正直な一方で内気で人見知りな佐菜は煮売り屋で働く。女将の’おかね‘から「白和えって、これからつくっておくれよ」と作ったところ、やわらかく繊細な味がお客さんの評判に。すると能の先生のお屋敷から「朝餉に白和えを作って欲しい」と依頼が。その後、他のお客さんから、明石の蛸飯、赤ちゃんのお食い初め、鮎の味噌焼きなどの依頼がやってきます。
佐菜は同居するおばあさんや、煮売り屋のおかねや常連さんと相談しながら、工夫を凝らした献立を考えます。このおばあさんが博識で一本筋が通っているようで格好いいんです。またお客さん宅へ足を運びお客さんの意向をつかむ佐菜もなかなかです。

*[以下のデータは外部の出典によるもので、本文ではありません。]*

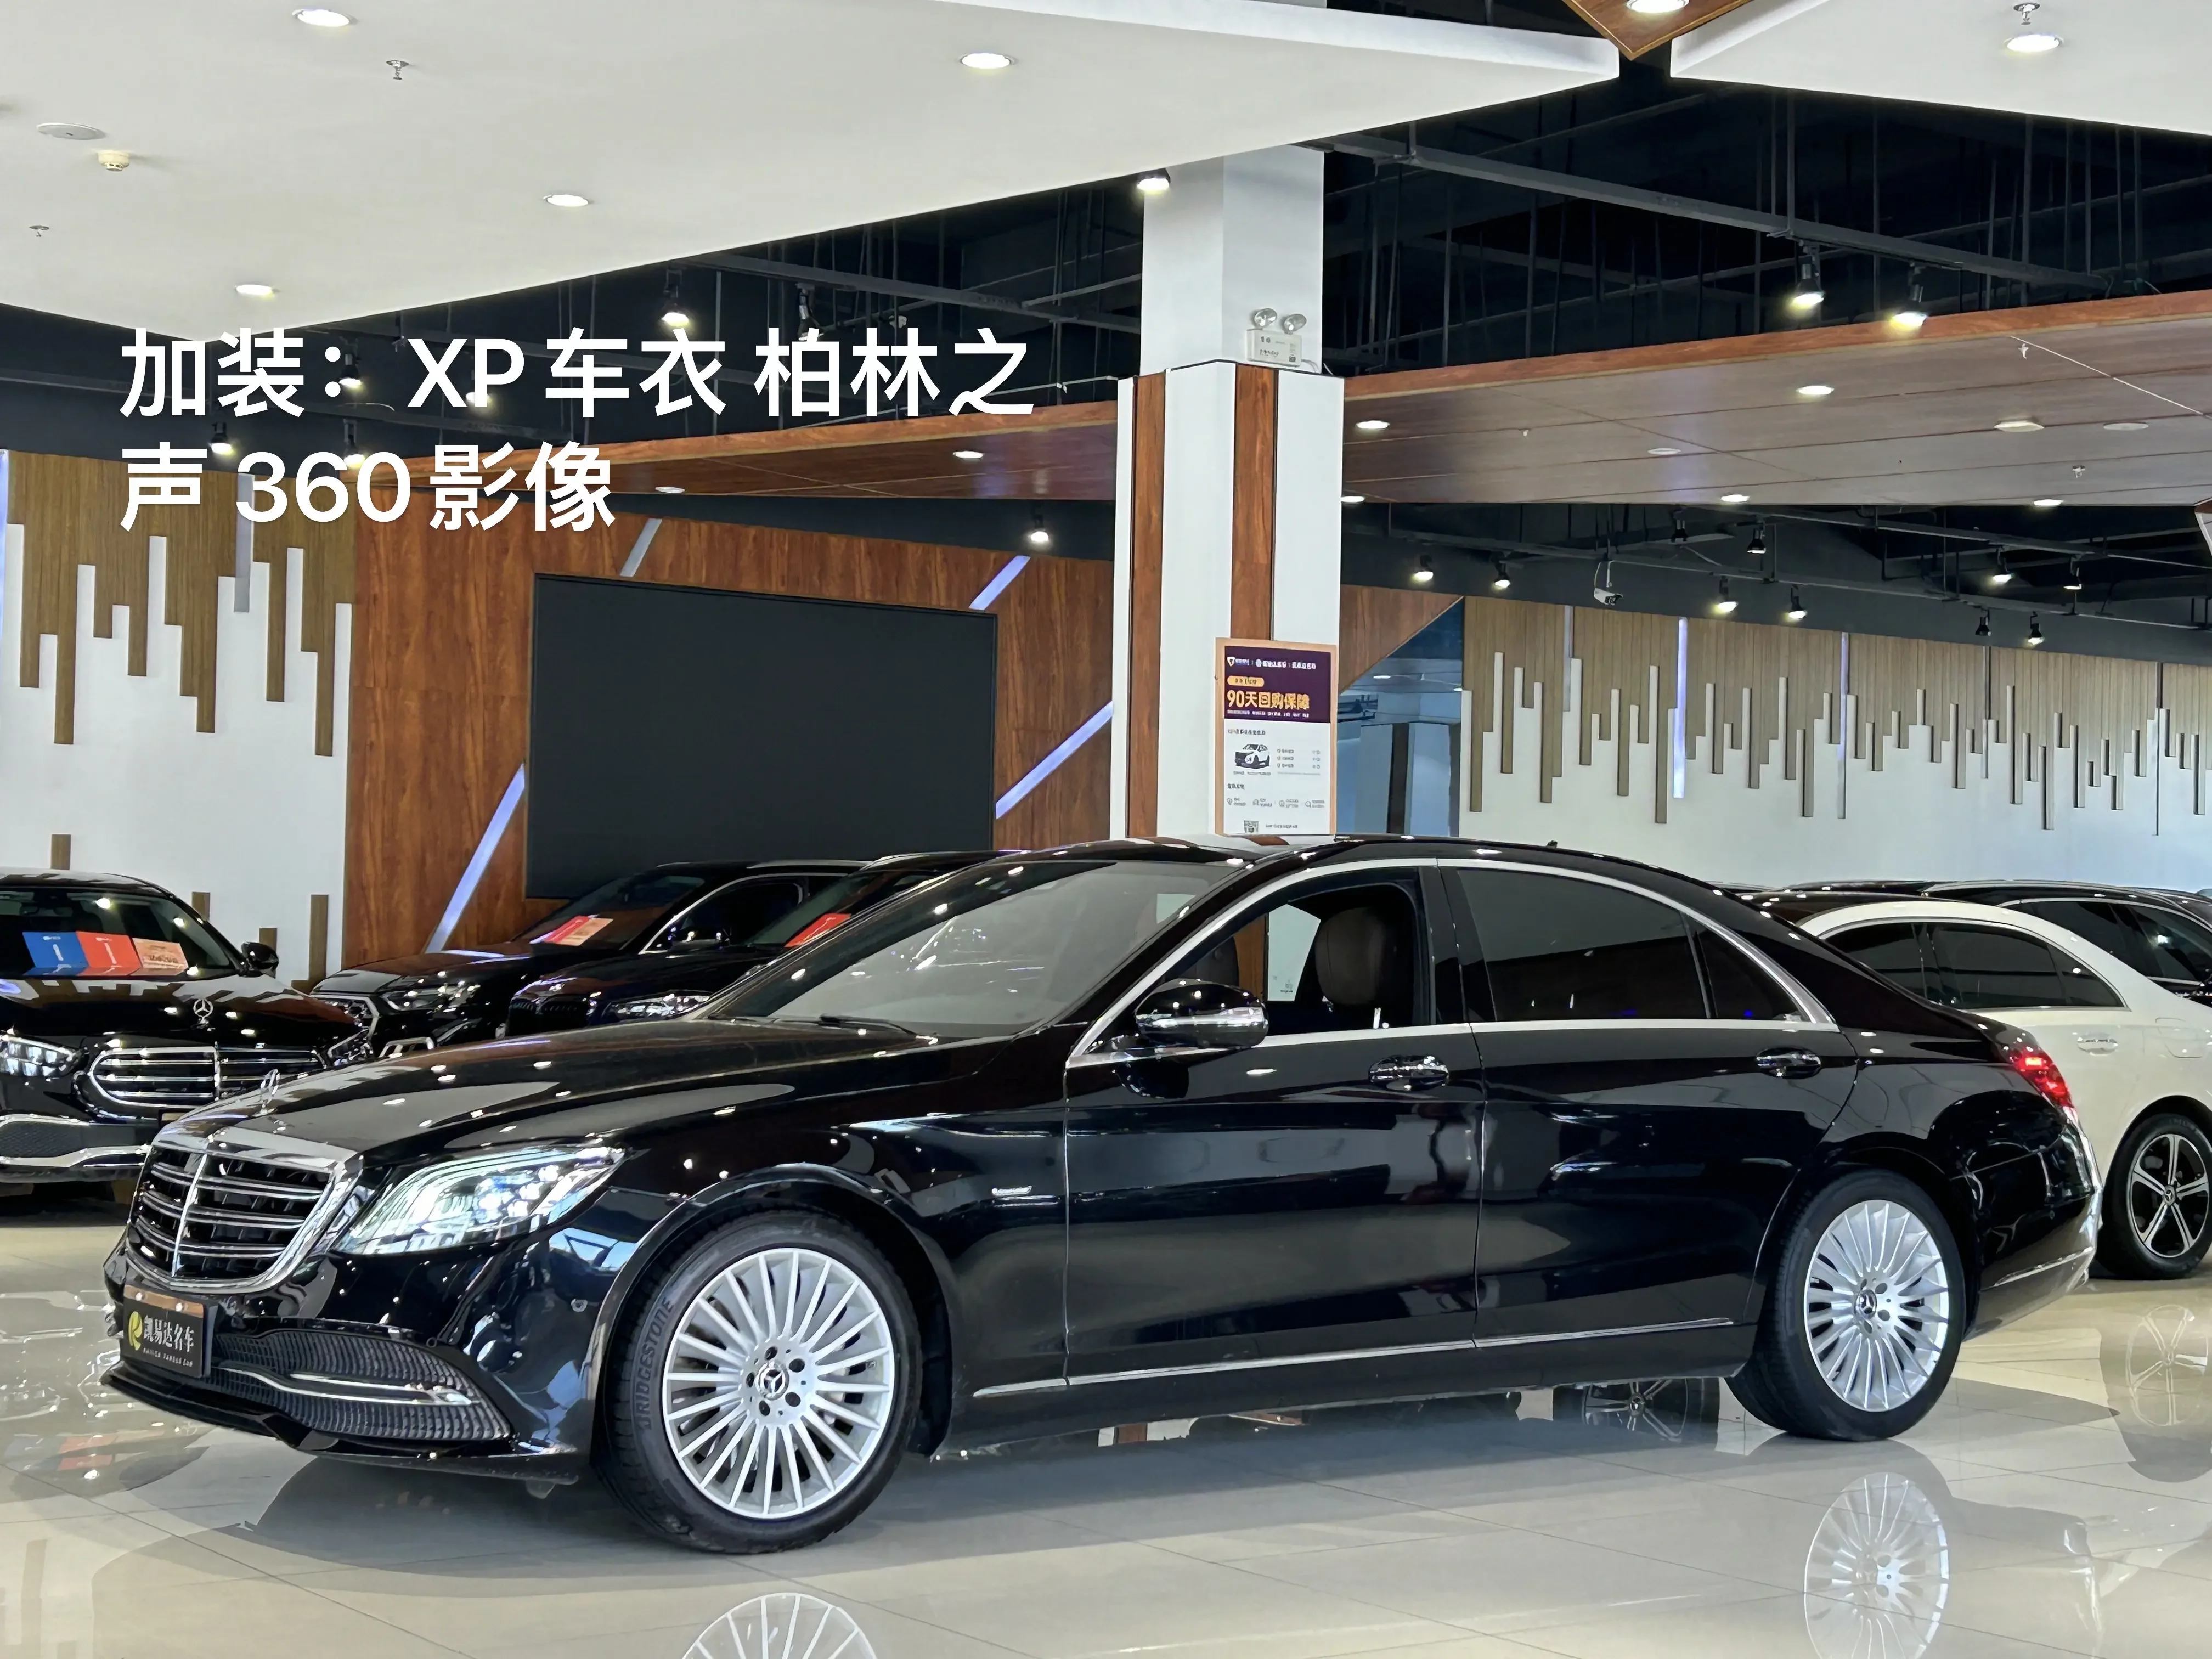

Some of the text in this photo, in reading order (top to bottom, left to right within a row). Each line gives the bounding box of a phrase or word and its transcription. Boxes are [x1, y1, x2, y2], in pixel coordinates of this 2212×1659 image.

[1227, 689, 1310, 710] 90天回购保障

ところで鯛は特別な魚ですが、それは「鯛の中に鯛を持っているから」なんだそうです。まあ鯛の形をした骨があるってことなんですが。「そぼろになっても、汁になっても鯛の風格を失わないのは、鯛が鯛であるからです。人の一生には、様々なことがあるでしょう。大切なことは逆境にあっても、自分の中の鯛を見失わないこと。」 佐菜もおばあさんも鯛中鯛です。
引っ込み思案の佐菜が人に喜ばれることで自信をつけていくこの成長物語、2巻目が積んでありましたので、まず1巻目を読んでみました。坂井希久子さんの居酒屋ぜんや、滝川秋美さんのきよのお江戸料理日記のようにほんわかしていて、ファンになってしまいました。